Quetzalcoatl fue una figura divinizada por los nativos que los españoles utilizaron para concretar su propósito de imponer la fe católica en la tierra conquistada. Así fue que comenzaron a decir que Quetzalcoatl era blanco, barbado y de ojos azules, cuando realmente sí existe un registro de nacimiento y vida del profeta de Anáhuac, tal como vimos en el artículo sobre el paso de Quetzalcoatl por la tierra.

Los frailes del siglo XVI trataron de explicar la presencia de los indígenas en estas tierras, y encontraron la respuesta en la Biblia, concluyendo que eran parte de las tribus dispersas de Israel.

Lo anterior fue reforzado por el hallazgo de “cruces”, con lo cual la simiente de este pensamiento estaba dado: Dios había enviado a algún apóstol para que viniera a evangelizar antes de la llegada de los españoles.

Algunas crónicas del siglo XVI, como la de Bernal Díaz del Castillo, hacen referencia a que en Yucatán se encontraron “señales de cruces” (Díaz del Castillo, 1632), dato que repite el franciscano López de Cogolludo en su Historia de Yucatán (López, 1688).

Se trata, claro, de la cruz de Anáhuac, que representa a Quetzalcoatl y los cuatro rumbos del Universo.
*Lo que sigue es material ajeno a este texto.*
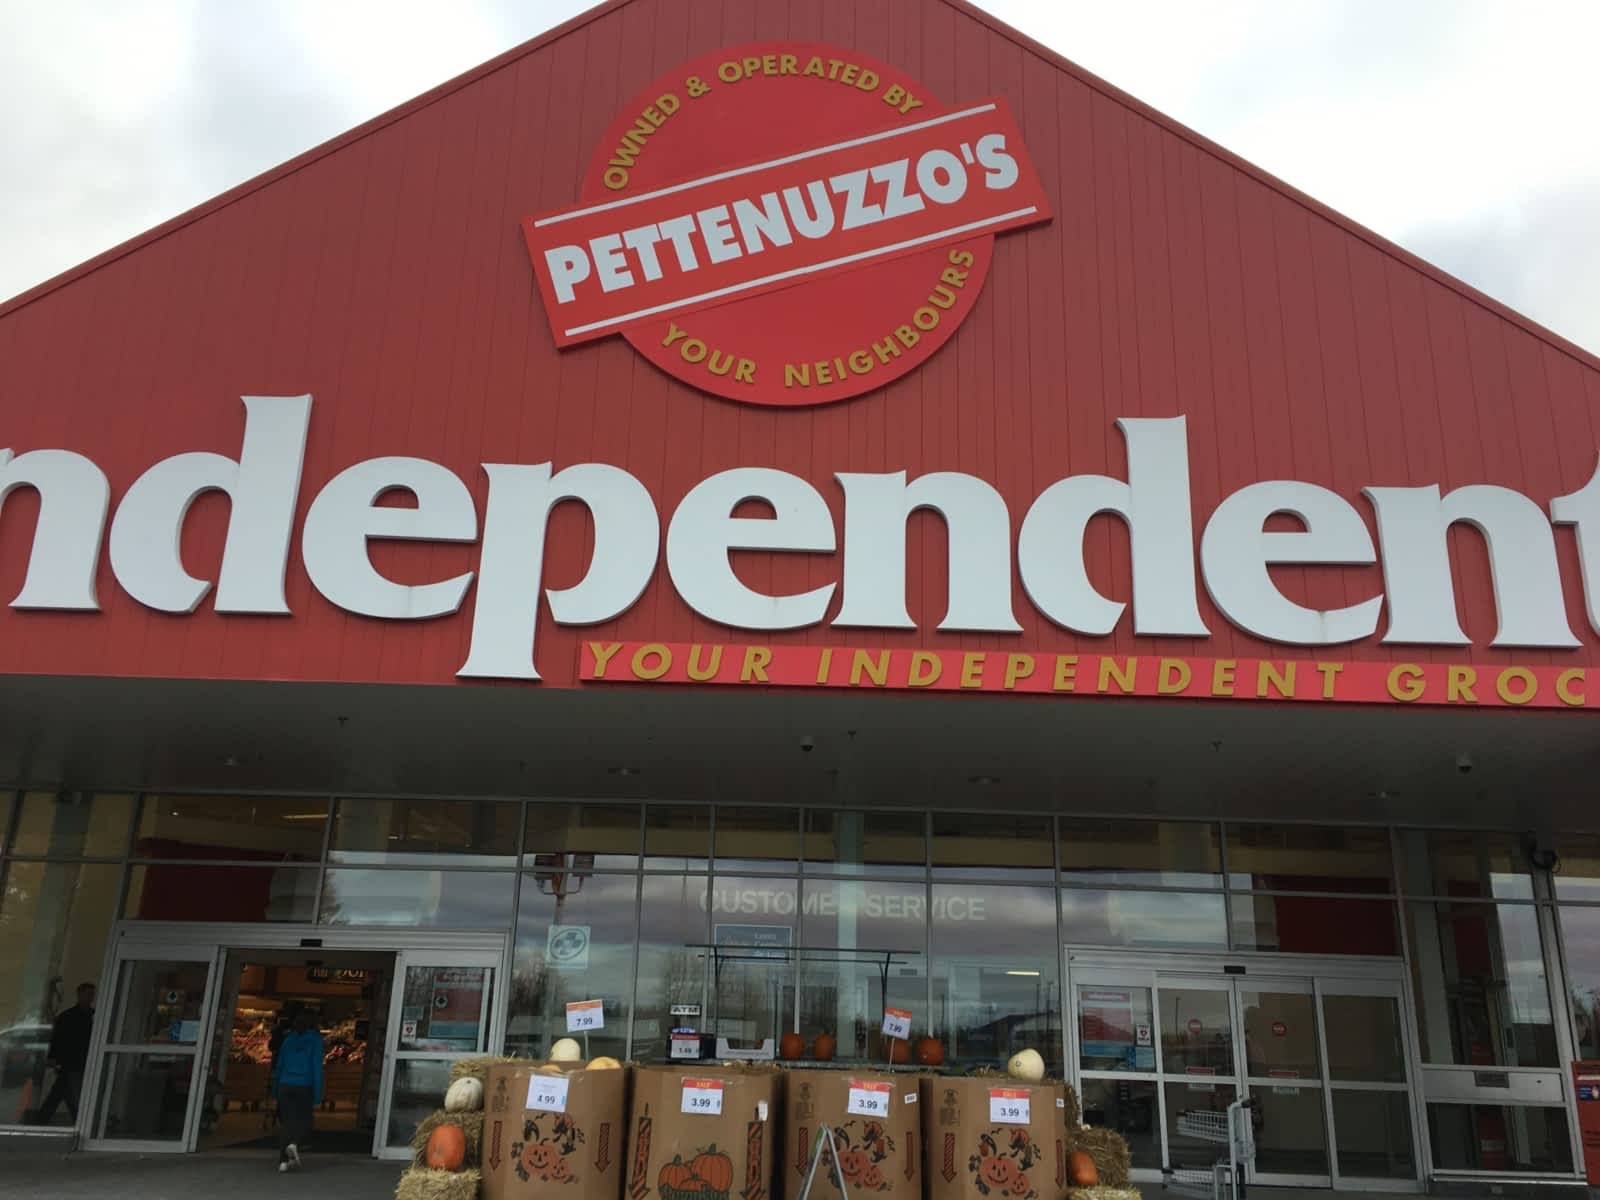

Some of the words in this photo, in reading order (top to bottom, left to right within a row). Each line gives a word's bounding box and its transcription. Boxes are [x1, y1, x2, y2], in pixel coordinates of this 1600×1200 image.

[603, 92, 681, 191] OWNED
[686, 75, 711, 98] &
[717, 53, 880, 93] OPERATED
[881, 84, 923, 115] BY
[544, 133, 1019, 305] PETTENUZZO'S
[661, 322, 757, 385] YOUR
[784, 247, 975, 388] NEIGHBOURS
[588, 641, 773, 683] YOUR
[815, 646, 1343, 699] INDEPENDENT
[1386, 663, 1587, 707] GROC
[863, 894, 986, 921] SERVICE
[672, 1006, 699, 1014] ATM
[576, 1017, 593, 1027] 7.99
[691, 1098, 711, 1108] 3.99
[858, 1099, 878, 1110] 3.99
[1000, 1107, 1020, 1117] 3.99
Los españoles luego alargaron uno de los lados de la cruz, para que se asemejara así a la cruz cristiana.

Con el tiempo, los descendientes de los nativos desconocieron el significado de la cruz de Anáhuac y se quedaron simplemente con la explicación cristiana de la cruz.

Por otra parte, la imagen de Quetzalcóatl, un personaje que no aceptaba sacrificios humanos y que era casto, vino al dedillo para que los frailes empezaran a considerar que se trataba de algún apóstol. Fray Diego Durán dice: “Aquel hombre venerable, al que llaman Topiltzin […] fue según las tradiciones indígenas un casto y penitente sacerdote, del que se recuerdan episodios al parecer milagrosos […] este santo varón fue algún apóstol que Dios aportó a esta tierra” (Durán, 1581).
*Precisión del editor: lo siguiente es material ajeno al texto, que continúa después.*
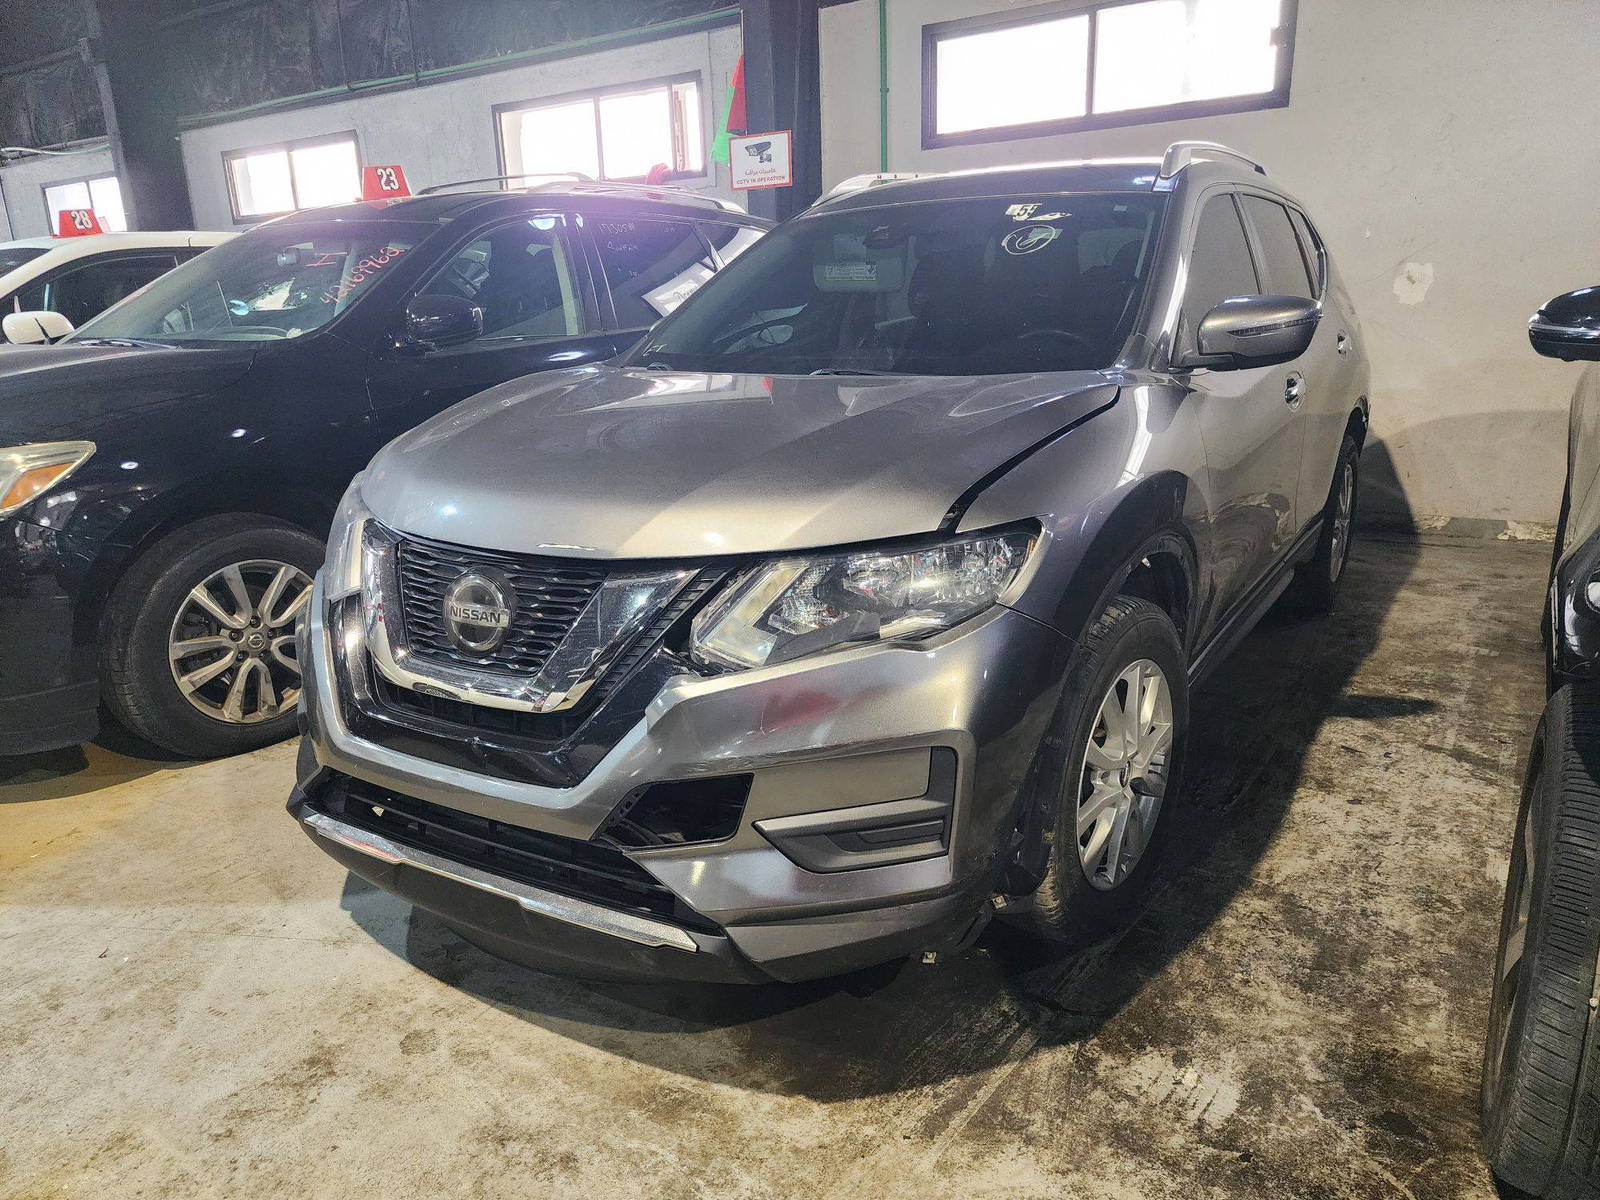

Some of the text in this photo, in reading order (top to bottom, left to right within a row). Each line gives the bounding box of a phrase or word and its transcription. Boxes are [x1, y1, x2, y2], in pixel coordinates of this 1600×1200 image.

[376, 167, 400, 191] 23
[757, 175, 785, 183] OPERATION
[70, 210, 93, 230] 28
[450, 605, 501, 624] NISSAN
López de Gómara agrega sobre Quetzalcóatl que “era hombre virgen, penitente, honesto, templado, religioso y santo”. Para fray Bartolomé de las Casas era blanco, alto, con gran barba, en tanto que fray Juan de Torquemada coincide en que era blanco, rubio y barbado. Además, se le atribuyó el haber traído el conocimiento de la agricultura.
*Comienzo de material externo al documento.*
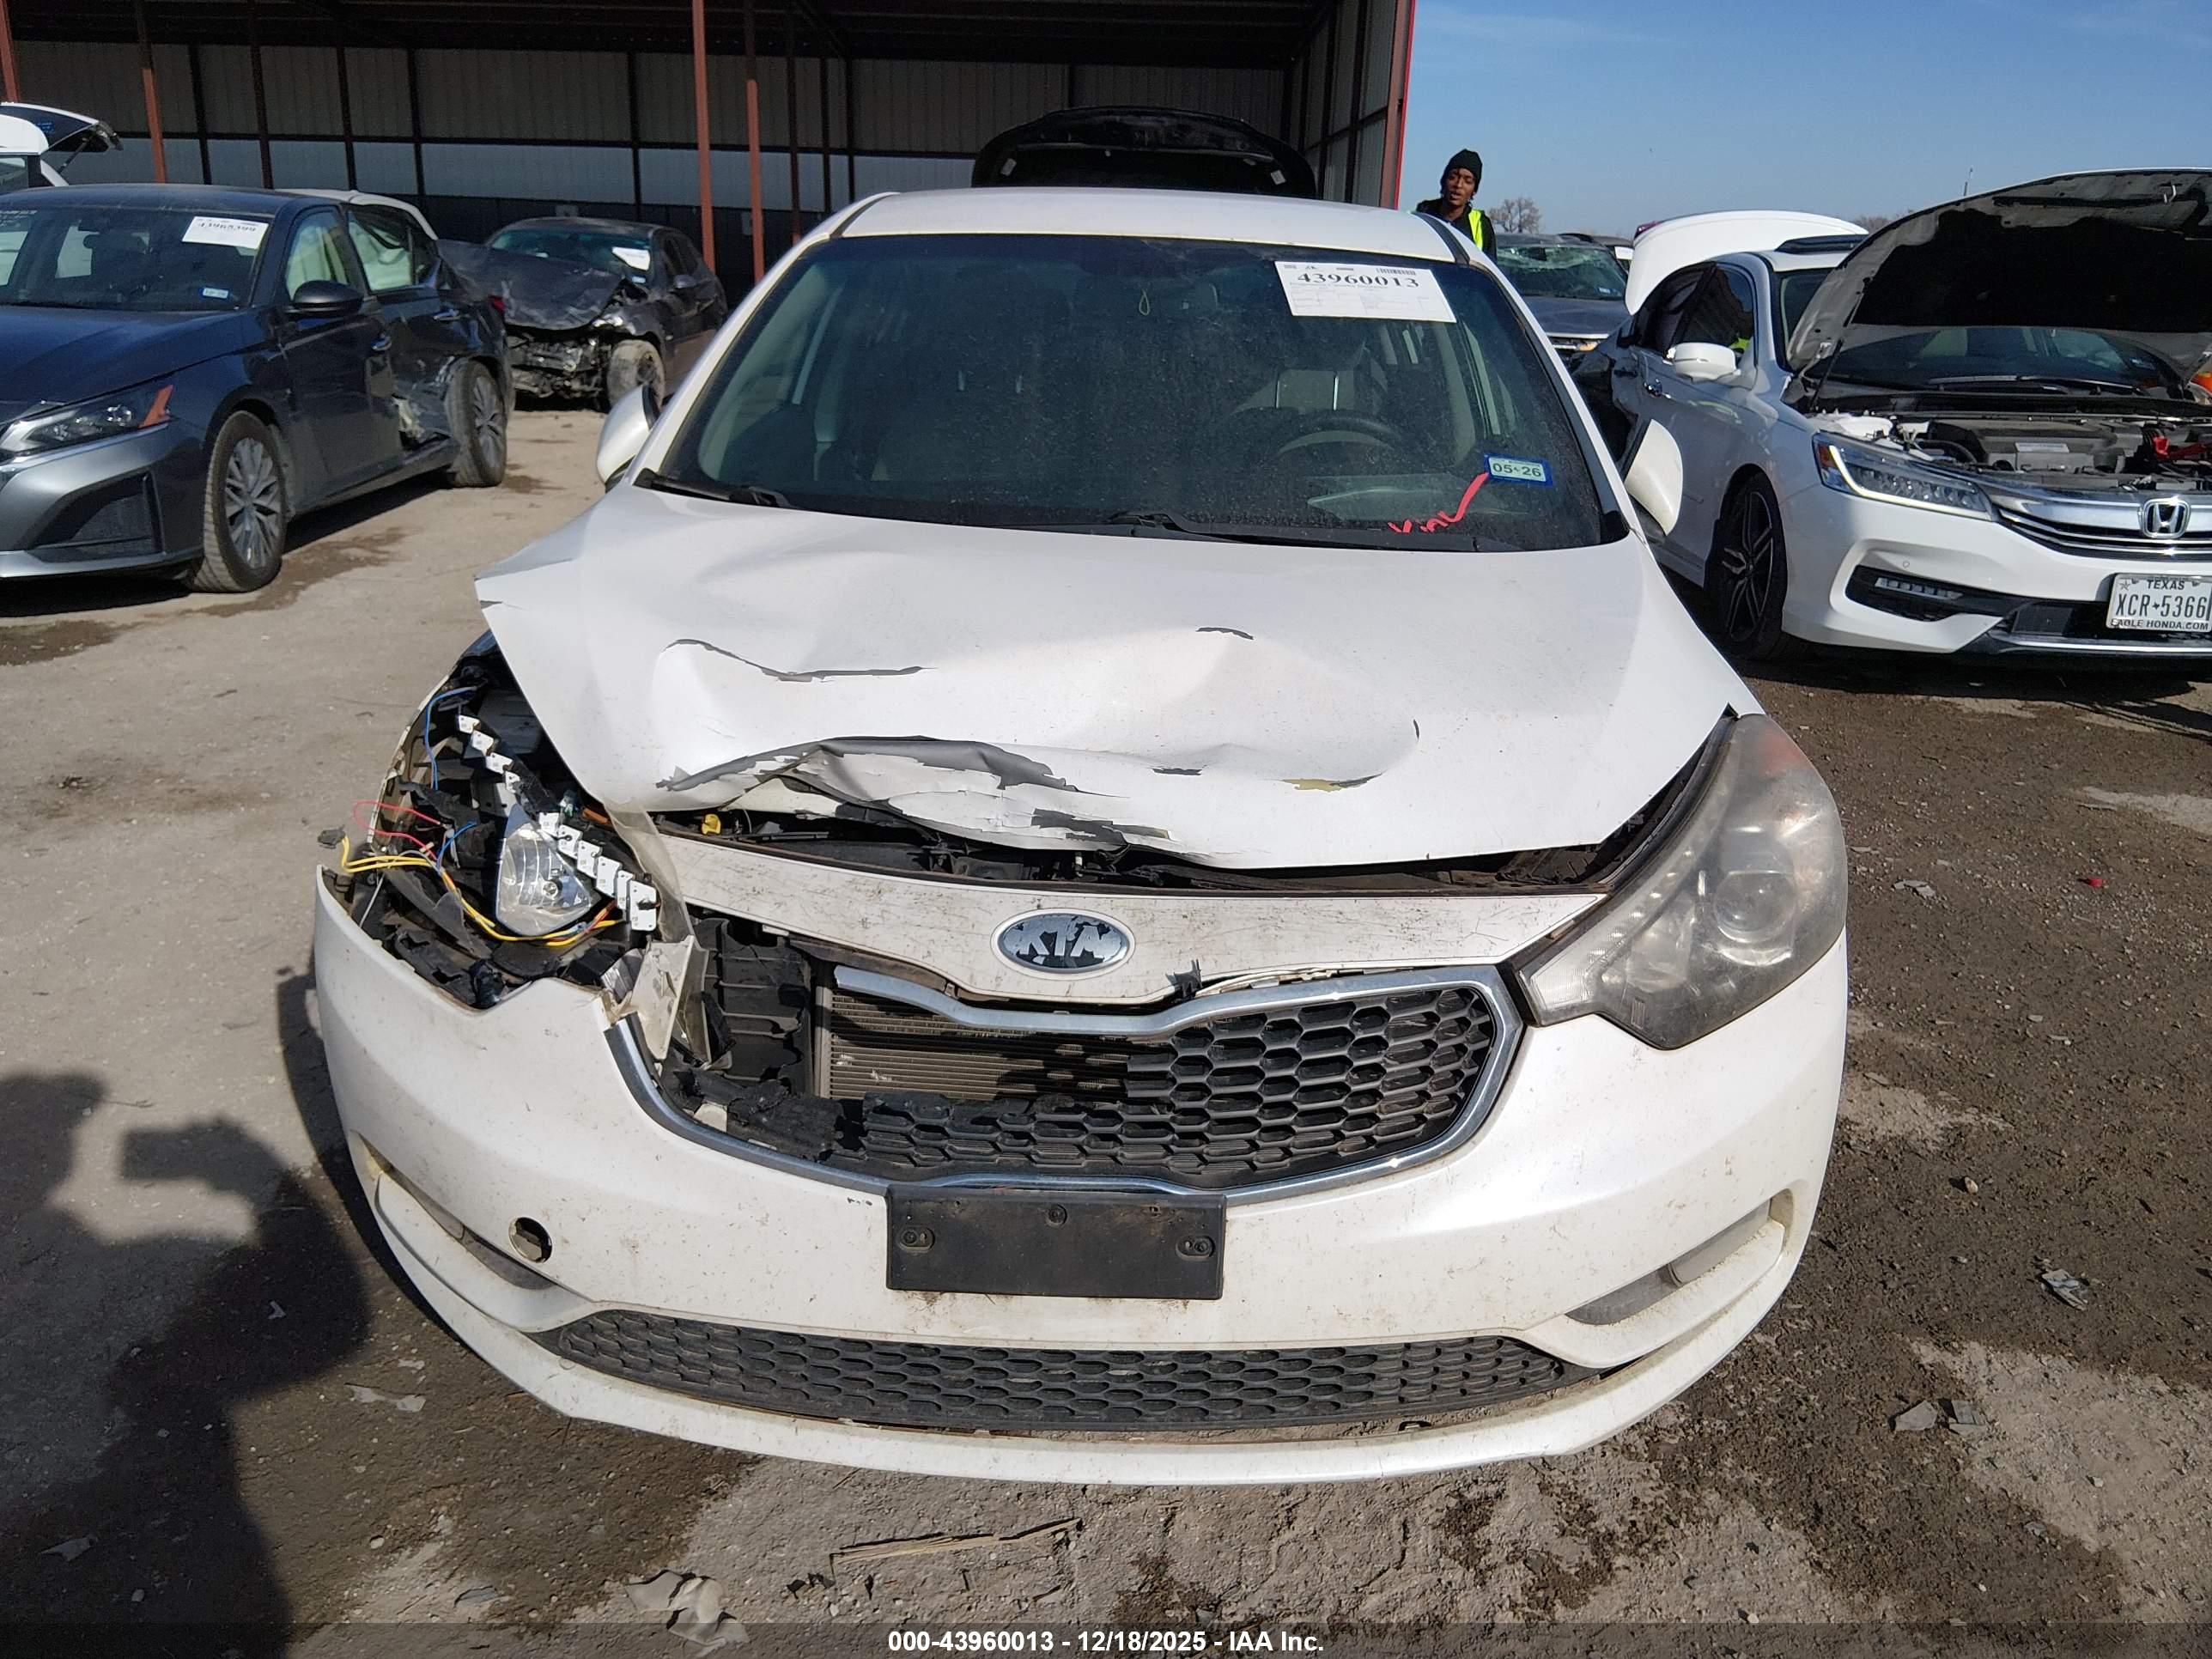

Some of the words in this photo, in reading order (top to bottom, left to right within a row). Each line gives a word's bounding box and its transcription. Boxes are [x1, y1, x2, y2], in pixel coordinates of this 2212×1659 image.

De esta manera se sentaban las bases para ir idealizando la imagen de un ser que existía en el relato de algunos indígenas, aderezado significativamente con la necesidad de los frailes de justificar, conforme a la Biblia, la presencia de miles y miles de indígenas.

Pero estas ideas no quedaron allí, sino que trajeron serias repercusiones. Don Carlos de Sigüenza y Góngora escribió en la segunda mitad del siglo XVII (Sigüenza y Góngora, 1562) que Quetzalcóatl era el apóstol Santo Tomás, quien había venido a predicar el Evangelio, lo que avala Eguiara y Eguren en su Biblioteca Mexicana al decir sobre la obra de Sigüenza: “…que Santo Tomás, uno de los Doce Apóstoles, había emigrado a esta tierra, al cual llamaron Quetzalcóatl, hallando la coincidencia de entrambos nombres por la vestimenta, la doctrina y los vaticinios del Apóstol…” (Eguiara, 1755).

Pero el acontecimiento más grave sucedió en 1794, cuando fray Servando Teresa de Mier fue invitado a dar el sermón en honor de la Virgen de Guadalupe. Basado en datos de José Ignacio Borunda, quien había escrito su “Clave general de interpretación de los jeroglíficos mexicanos”que  la Guadalupana no era otra cosa que la vestimenta de Santo Tomás/Quetzalcóatl, arremetió en contra de los españoles, negando que ellos habían  sido los primeros en evangelizar en la Nueva España, pues el proceso lo había comenzado siglos atrás el apóstol en la figura de Quetzalcóatl.

Es así que, a través de cada similitud que los europeos encontraron entre la religión nativa y la católica, se fueron sincretizando ambas creencias, al punto de haber logrado convencer a los nativos de que Quetzalcoatl era blanco y barbado y que se trataba del mismísimo Jesucristo.